If there is one word that will appear more than any other in the obituaries now being penned for former Israeli president and prime minister Shimon Peres, who died in Tel Aviv earlier this morning aged 93, it will be “contradiction”.
Leading world figures including (it is reported) President Obama, former President Clinton, President Hollande, David Cameron and even the Prince of Wales, are preparing to attend the funeral in Jerusalem on Friday. The eulogies have already started to flow, with Obama calling Peres, a winner of the Nobel Peace Prize in 1994, “a soldier for Israel, for the Jewish people, for justice, for peace.”
Within Israel however, Peres was a complicated figure, seemingly ubiquitous on the Israeli political scene since the state’s establishment in 1948 but never quite capturing the affections of Israeli voters, or even those of his political allies.
There were many contradictions in the life of Shimon Peres
Peres was a protégé of Israel’s founder David Ben-Gurion, held every major office of state and was the longest serving member of the Knesset, sitting for 48 years until 2007. But he never won an election outright; his three short spells as Prime Minister in 1977, 1984-86 and 1995-96 were achieved without a direct electoral mandate. His reputation rested not on daredevil military exploits in pursuit of the Zionist dream (in contrast to contemporaries such as Ariel Sharon, Ehud Barak and Moshe Dayan, he had no military record to speak of) but on his record as a pragmatic backroom fixer. Even his long-time colleague in the Israeli Labour Party (which he controversially quit after 46 years in 2005), Yitzhak Rabin, another soldier-politician, described Peres as a “tireless schemer” and “indefatigable subverter”.
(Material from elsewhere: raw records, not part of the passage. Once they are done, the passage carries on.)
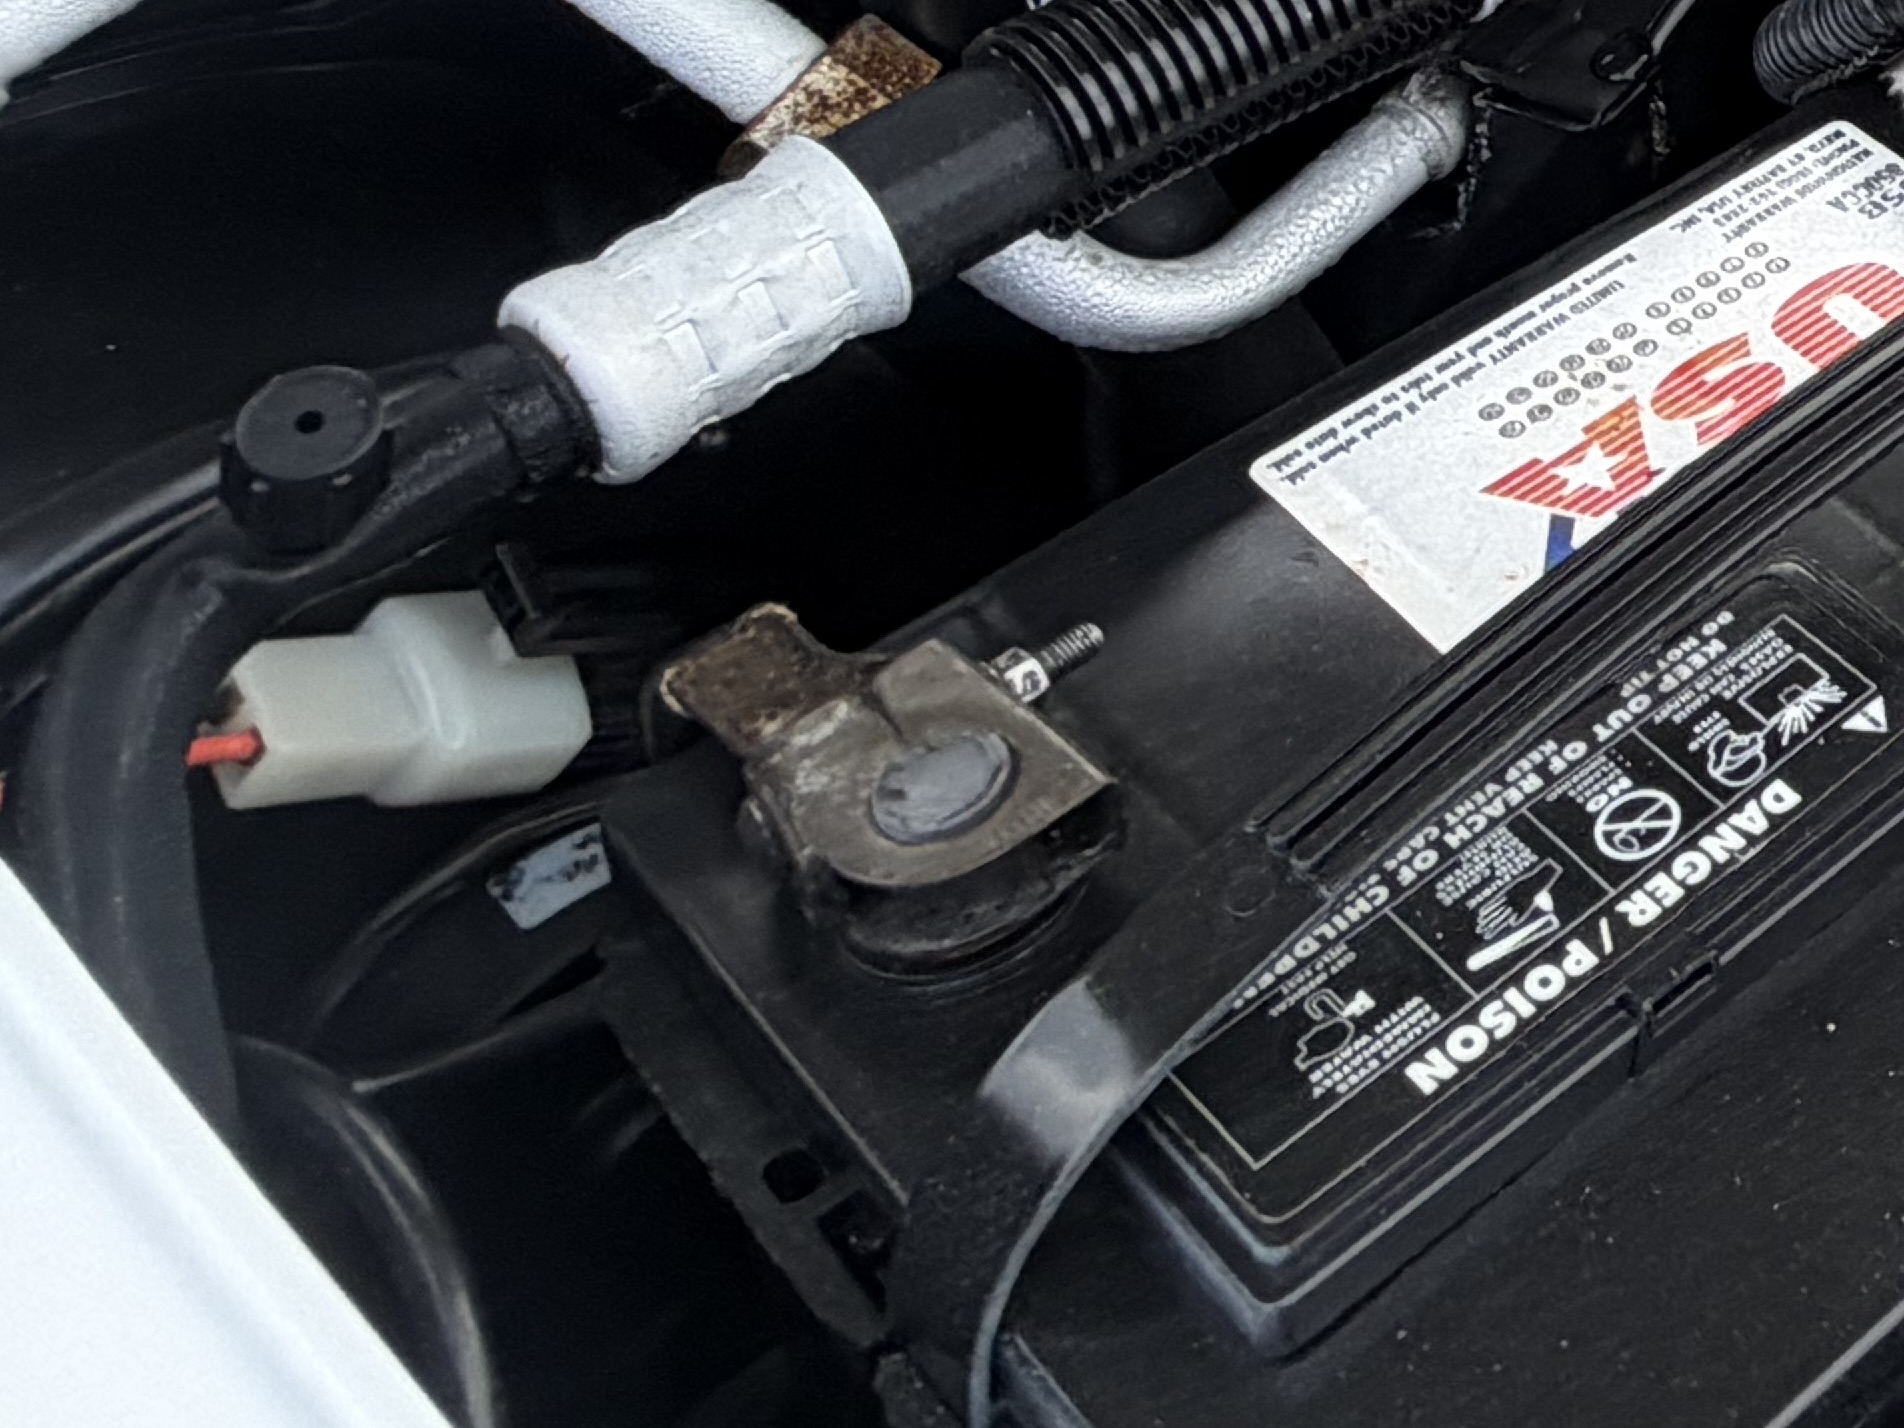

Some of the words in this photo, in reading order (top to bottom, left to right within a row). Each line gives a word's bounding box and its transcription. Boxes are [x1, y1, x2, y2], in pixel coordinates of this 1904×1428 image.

[1719, 194, 1796, 243] WARRANTY
[1582, 252, 1637, 287] Remove
[1533, 281, 1582, 312] proper
[1567, 279, 1625, 316] LIMITED
[1486, 311, 1571, 365] WARRANTY
[1493, 309, 1541, 340] month
[1465, 336, 1497, 357] and
[1449, 360, 1490, 387] valid
[1380, 391, 1403, 408] to
[1415, 380, 1452, 406] only
[1339, 403, 1383, 432] show
[1360, 408, 1406, 440] dated
[1316, 434, 1364, 466] when
[1697, 609, 1737, 638] DO
[1650, 634, 1701, 673] NOT
[1652, 637, 1727, 694] KEEP
[1615, 667, 1657, 699] TIP
[1587, 691, 1655, 742] OUT
[1499, 737, 1559, 782] KEEP
[1542, 737, 1591, 775] OF
[1440, 779, 1502, 827] VENT
[1442, 771, 1545, 850] REACH
[1582, 774, 1634, 815] NO
[1391, 846, 1443, 887] OF
[1613, 778, 1803, 928] DANGER
[1371, 993, 1423, 1034] WITH
[1403, 937, 1599, 1095] POISON
[1307, 1033, 1371, 1083] WATER
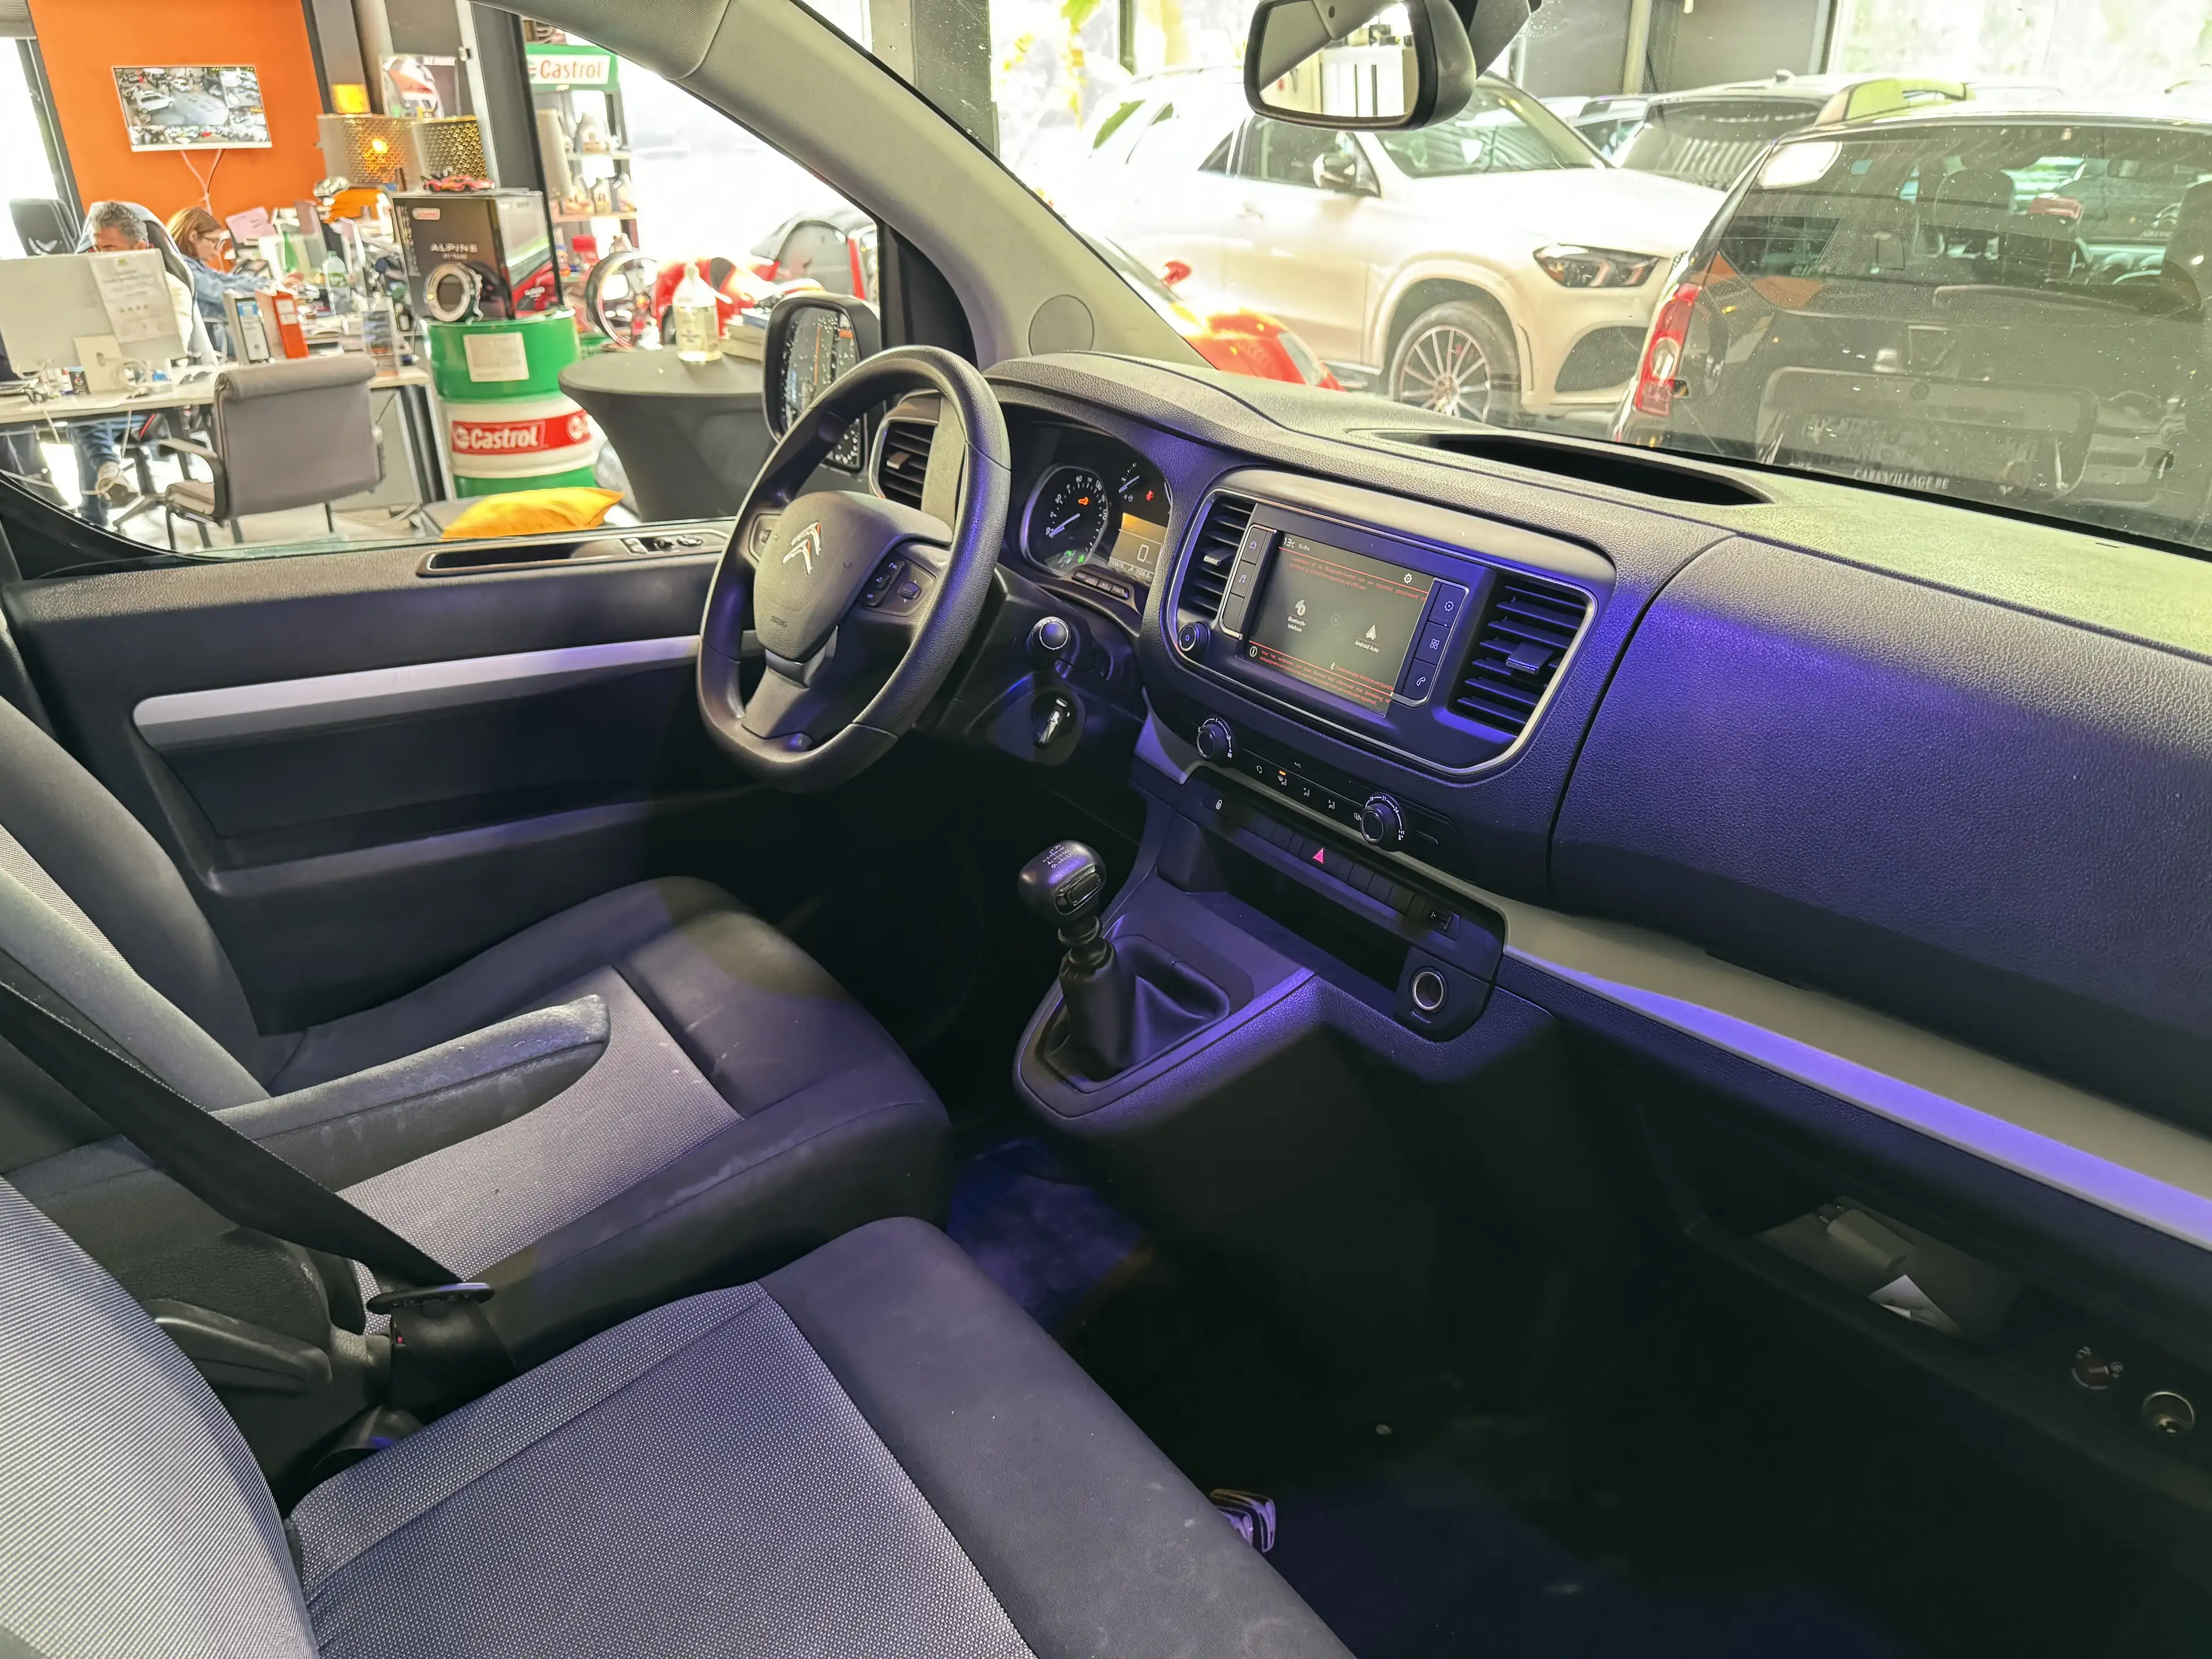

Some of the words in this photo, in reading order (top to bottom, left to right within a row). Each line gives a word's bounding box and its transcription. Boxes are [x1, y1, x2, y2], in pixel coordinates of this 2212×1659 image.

[540, 60, 601, 78] Castrol
[430, 243, 478, 252] ALPINE
[469, 425, 539, 449] Castrol
[1137, 544, 1149, 562] 0
[1354, 640, 1370, 650] Android
[1369, 645, 1379, 653] Auto
But there were many more contradictions in the life of Shimon Peres. His reputation as an international peacemaker stood oddly alongside his intimate involvement in the creation of Israel’s military-defence establishment and his role as architect-in-chief of Israel’s nuclear weapons programme. His status (outside Israel at least) as Zionist icon was contradicted by his image inside Israel as an ‘outsider’ with a strongly East European accent (he was born in 1923 in what is now Belarus). He liked to think of himself as an intellectual and poet-philosopher, yet he was also the hard-nosed politician who oversaw Israel’s bloody assault on Lebanon in April 1996 in which hundreds of Lebanese civilians were killed or wounded.
For Palestinians, the ultimate contradiction in Shimon Peres was between his international reputation as a peace-loving dove, and his hawkish actions against Palestinians on the ground. His Nobel Peace Prize in 1994 was for his role in the ill-fated Oslo Peace Accords, yet he did much to undermine those accords, and the peace process generally, by supporting the blockade against Gaza and supporting the expansion of Israeli settlements in the occupied West Bank and East Jerusalem. Indeed, he was in many ways one of the prime movers in the settler movement, which he actively encouraged while Israeli Defense Minister in the 1970s.
In recent years
The tragedy of his life is his contradictory approach to a just peace with the Palestinians.
In the last decade of his life Peres was a largely marginal figure in Israel, serving in the entirely ceremonial role of President from 2007 to 2014. But he was revered, if not loved, as the last direct link to Israel’s “founding fathers”. The tragedy of his life is his ambivalent and contradictory approach to a just peace with the Palestinians. This has contributed to Israel being no more certain of its long-term security and standing in the world that when it was established in 1948.
Jeremy Moodey is Chief Executive of the Christian development charity Embrace the Middle East.